Pivot Longer
ReshapeStack multiple columns into key-value rows, converting wide-format data into long-format so that each observation occupies its own row. Long format is the standard layout expected by most statistical modelling functions, mixed-effects models, and many plotting libraries.
When to Use
- Each measurement lives in a separate column (e.g., Day1, Day2, Day3) and you need them stacked into a single column for analysis. Most repeated-measures and mixed-effects models require long format.
- You are preparing data for repeated-measures tests, mixed-effects models, or plotting tools (like ggplot2 or seaborn) that expect one observation per row.
- Column headers contain variable values (time points, doses, conditions) that should be recorded as data values in their own column, not as structural column names.
- You need to combine several measurement columns into a single column to calculate summary statistics across all measurements uniformly.
Required Inputs
- Columns to Pivot -- the columns to stack into rows (e.g., Day1, Day2, Day3). Select all the columns that represent the same type of measurement taken under different conditions.

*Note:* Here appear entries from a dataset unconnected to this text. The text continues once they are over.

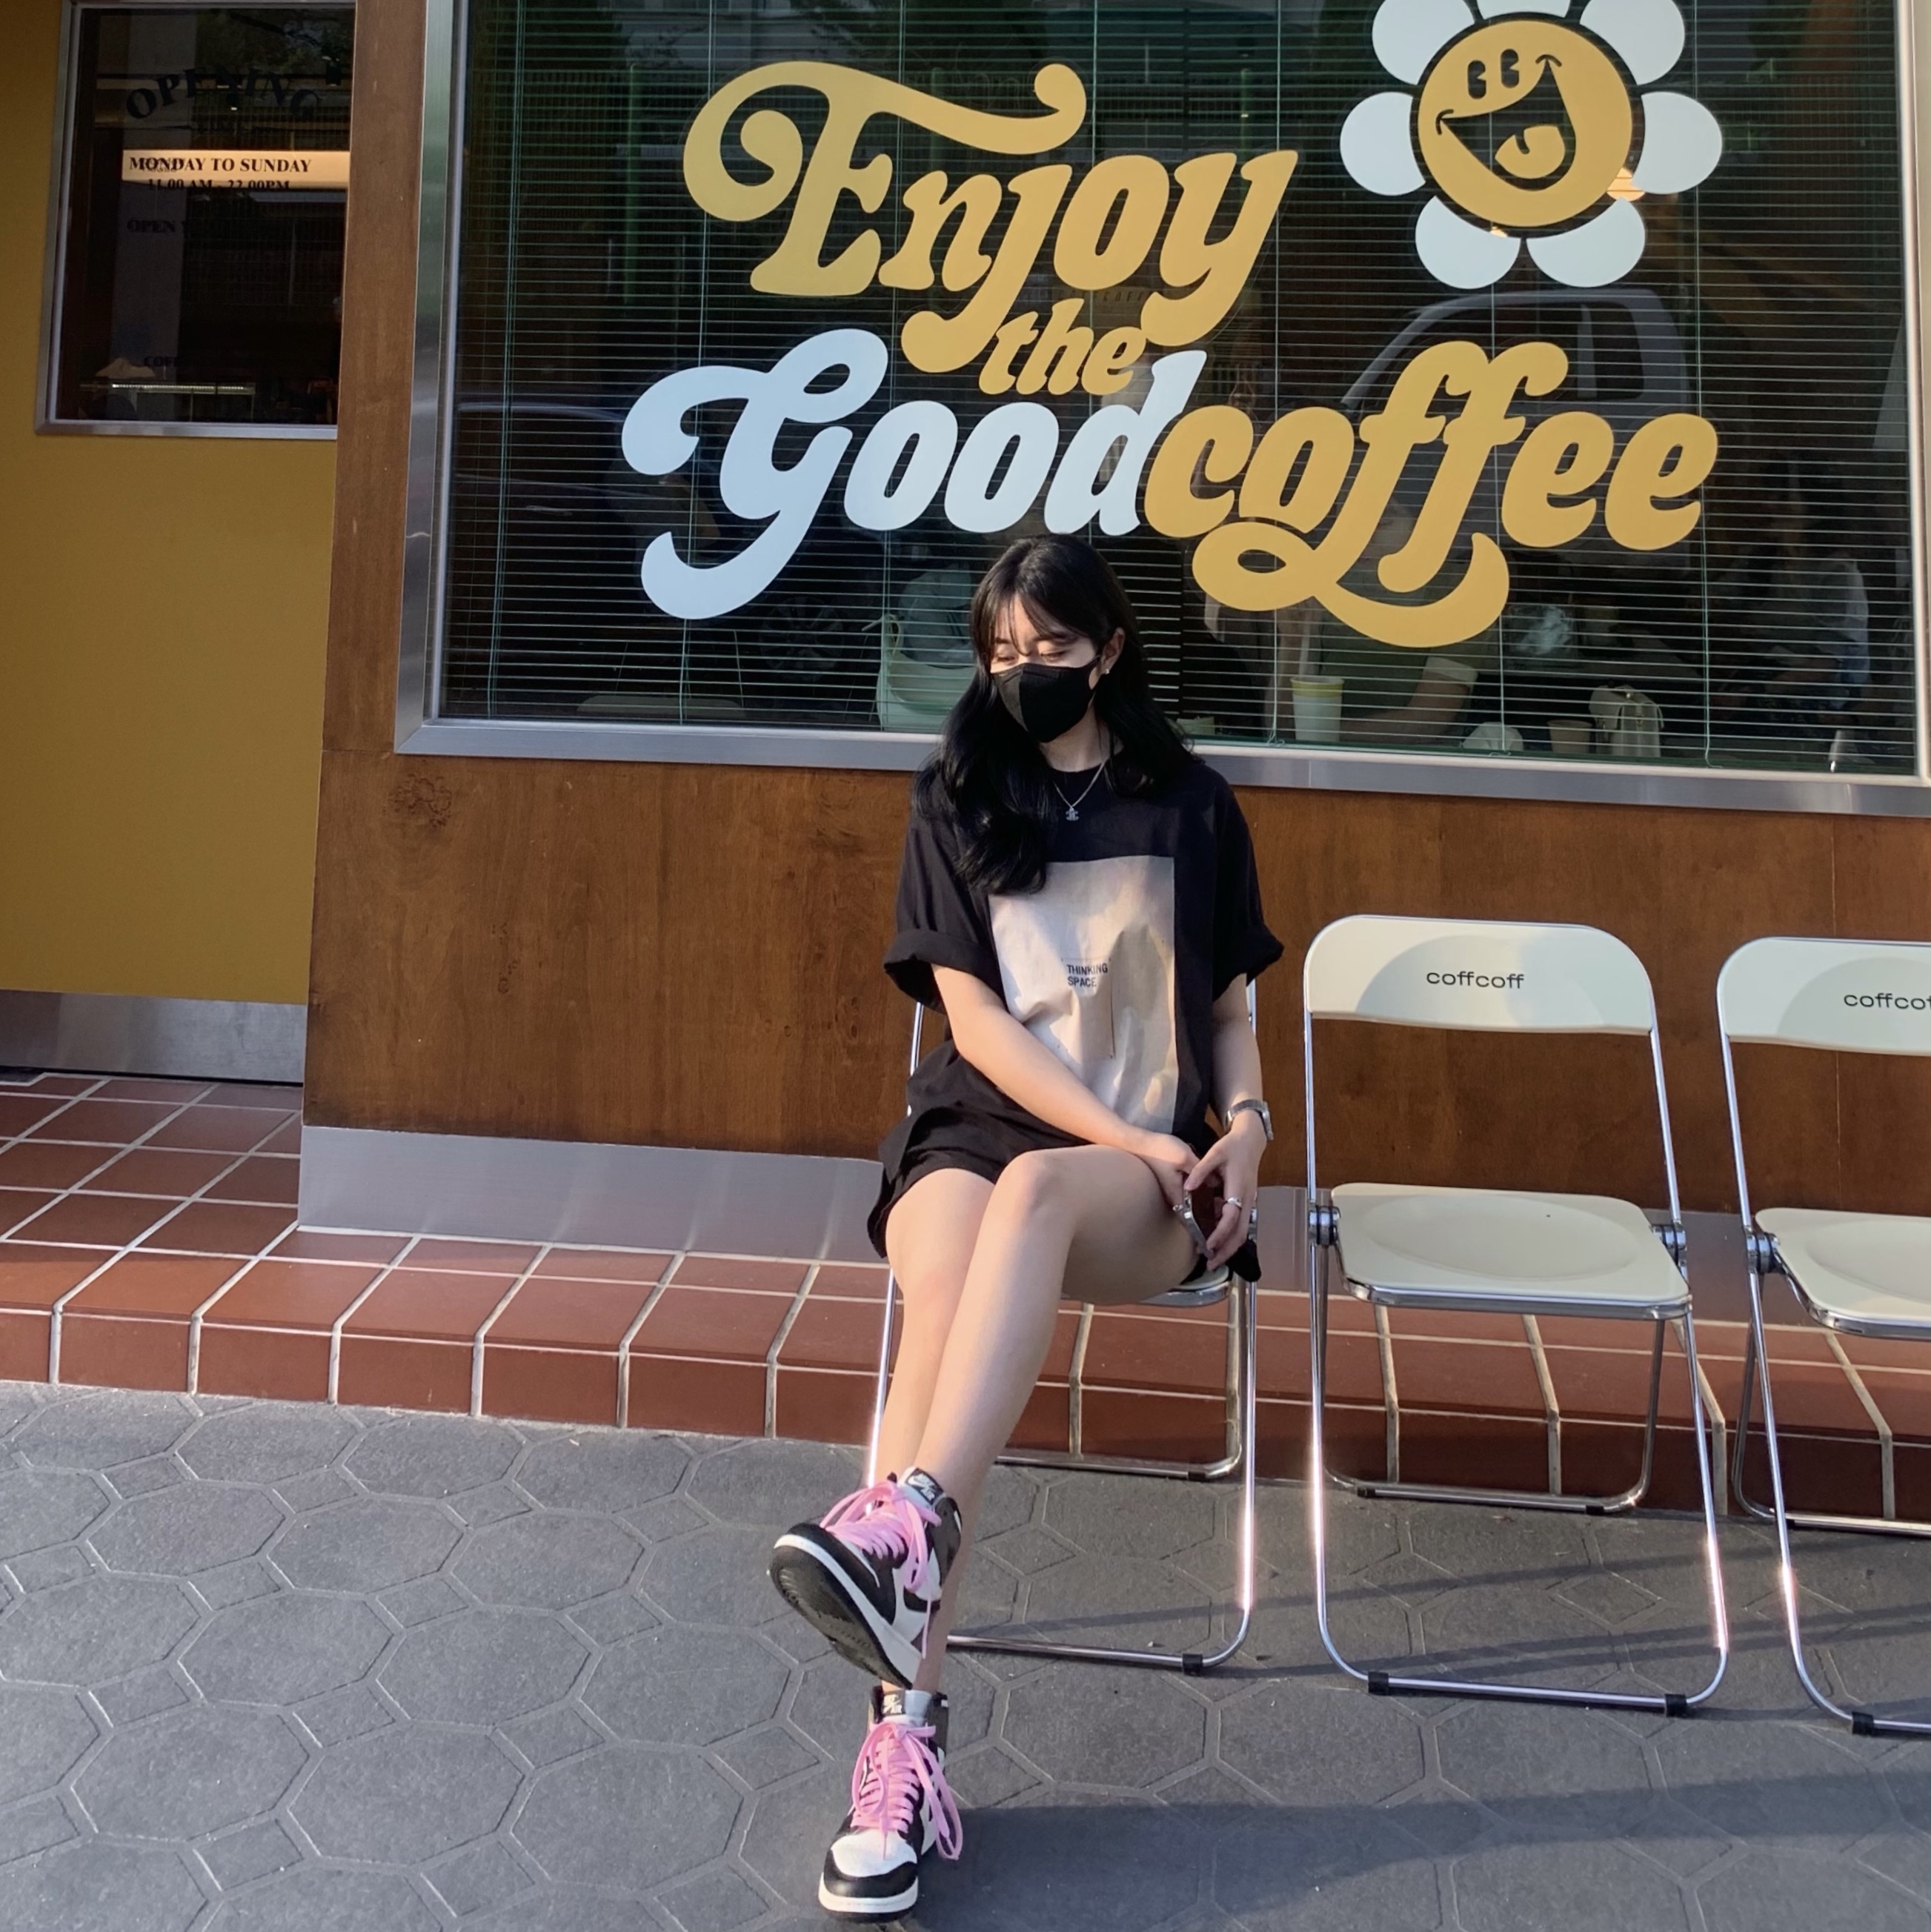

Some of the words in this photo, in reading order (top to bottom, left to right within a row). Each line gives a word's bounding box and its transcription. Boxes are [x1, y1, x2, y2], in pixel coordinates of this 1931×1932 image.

[130, 156, 206, 171] MONDAY
[210, 157, 235, 171] TO
[239, 158, 311, 173] SUNDAY
[683, 61, 1299, 373] Enjoy
[979, 298, 1147, 395] the
[1066, 963, 1109, 975] THINKING
[1067, 976, 1097, 988] SPACE
[1426, 971, 1524, 989] coffcoff
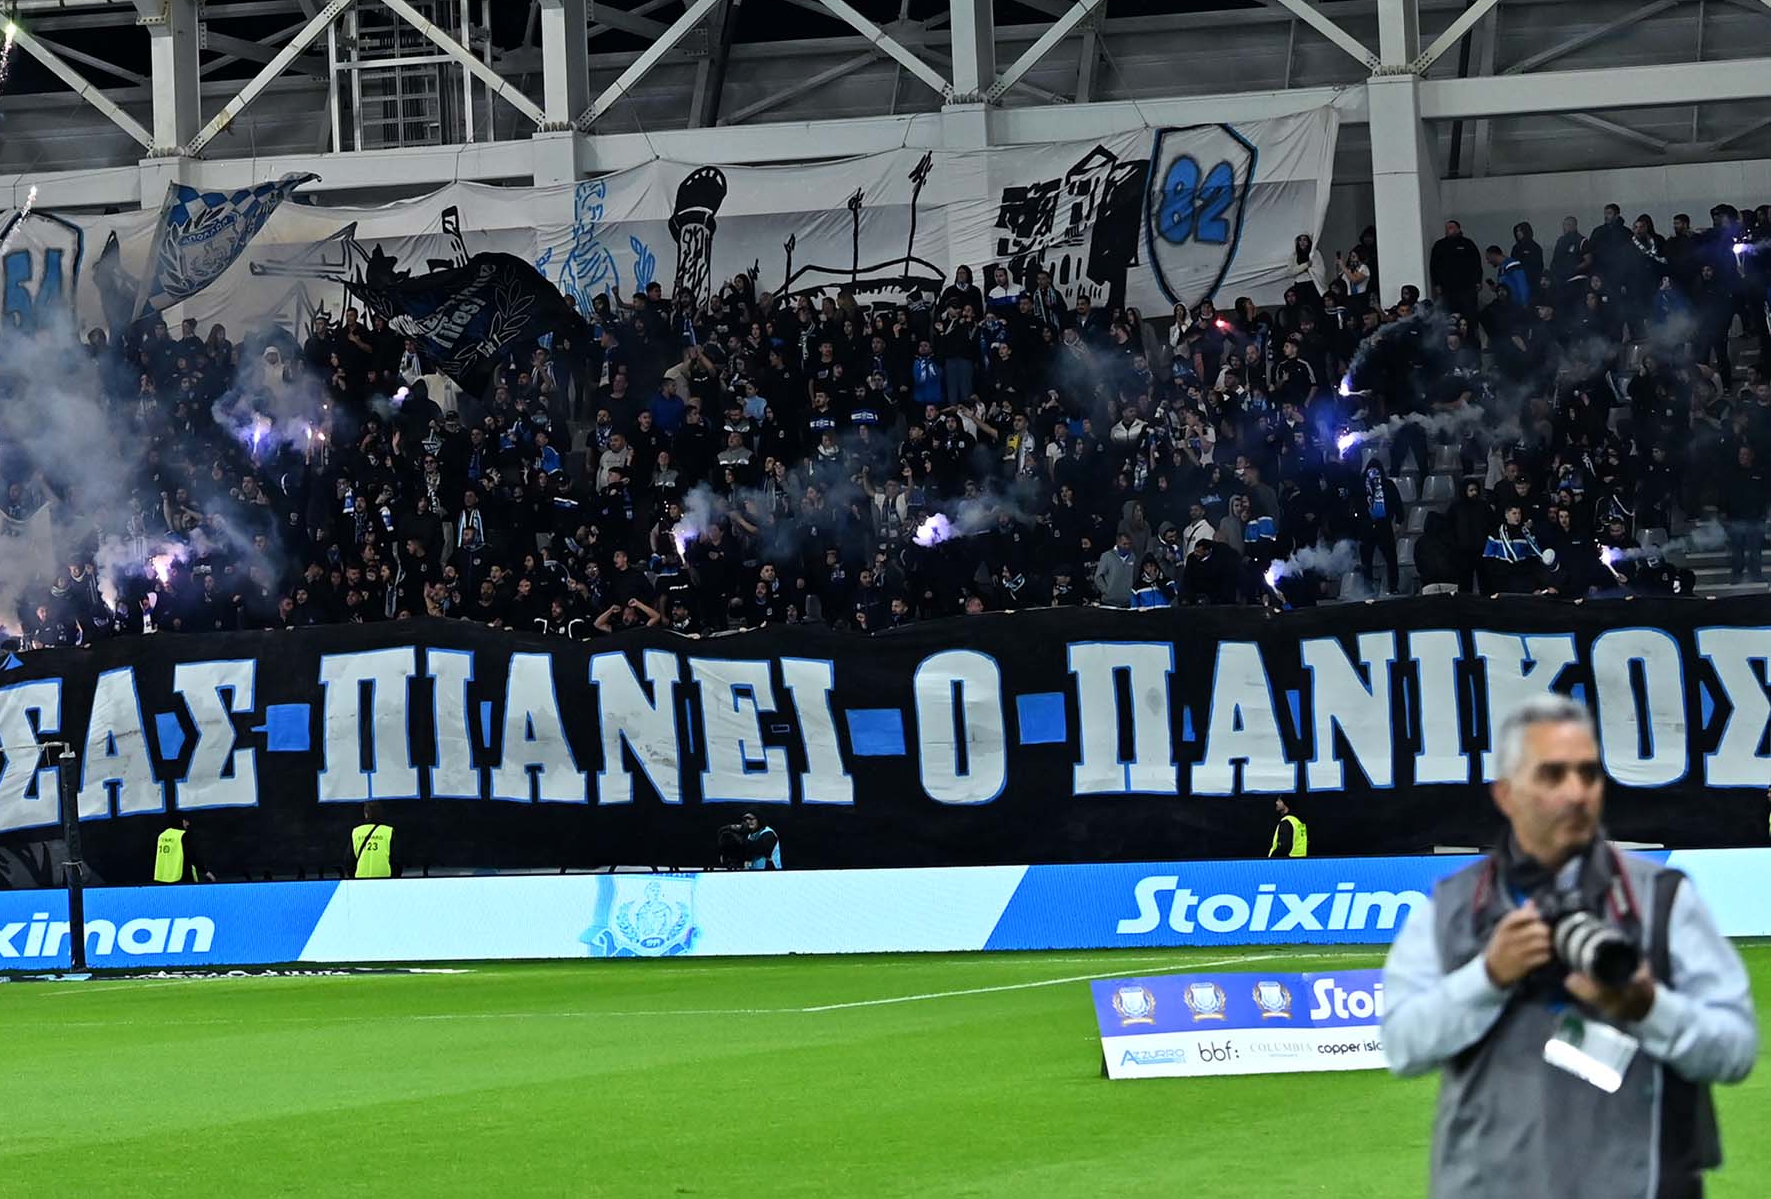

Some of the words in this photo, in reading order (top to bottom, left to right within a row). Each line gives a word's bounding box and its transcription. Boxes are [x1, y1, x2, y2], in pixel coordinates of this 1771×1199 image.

[1156, 155, 1234, 244] 82
[317, 646, 854, 805] ΠΙΑΝΕΙ
[367, 842, 378, 851] 23
[1249, 1041, 1313, 1053] COLUMBIA
[1317, 1041, 1360, 1055] copper

- Names To -- the name for the new column that will receive the original column headers (e.g., "Day" or "TimePoint"). This column records which original column each value came from.
- Values To -- the name for the new column that will receive the cell values (e.g., "Measurement" or "Score"). This column holds the actual data values.
What Changes
- Row count increases because each pivoted column generates one new row per original row. If you pivot 3 columns, each original row becomes 3 rows in the result.
- Column count decreases because all pivoted columns merge into exactly two new columns: one for the names and one for the values.
- Non-pivoted columns (ID columns such as Subject or PatientID) are repeated for each new row to maintain the relationship between observations and their source entity.
- The total number of data values is preserved -- the same information is simply rearranged from a wide layout into a tall layout.
Common Pitfalls
- Pivoting columns with mixed data types (numeric and text) can cause unexpected string conversions in the values column. Ensure all columns being pivoted contain the same type of data.
- Forgetting to exclude ID columns from the pivot selection will stack IDs alongside measurements, corrupting the data structure. Only select the measurement columns you want to stack.
- Very wide datasets with many columns can produce a very large number of rows after pivoting (original rows x pivoted columns), potentially slowing the interface for very large files.
- If the original wide-format data has missing values in some columns, these become explicit missing value rows in the long format. Decide whether to keep or drop them after pivoting.
Example: Before & After
Before
| Subject | Pre | Post |
|---|---|---|
| S1 | 80 | 92 |
| S2 | 75 | 88 |
→
After
| Subject | Time | Score |
|---|---|---|
| S1 | Pre | 80 |
| S1 | Post | 92 |
| S2 | Pre | 75 |
| S2 | Post | 88 |
Columns to Pivot: Pre, Post. Names To: Time, Values To: Score. Each subject's single row expands into two rows, one per time point.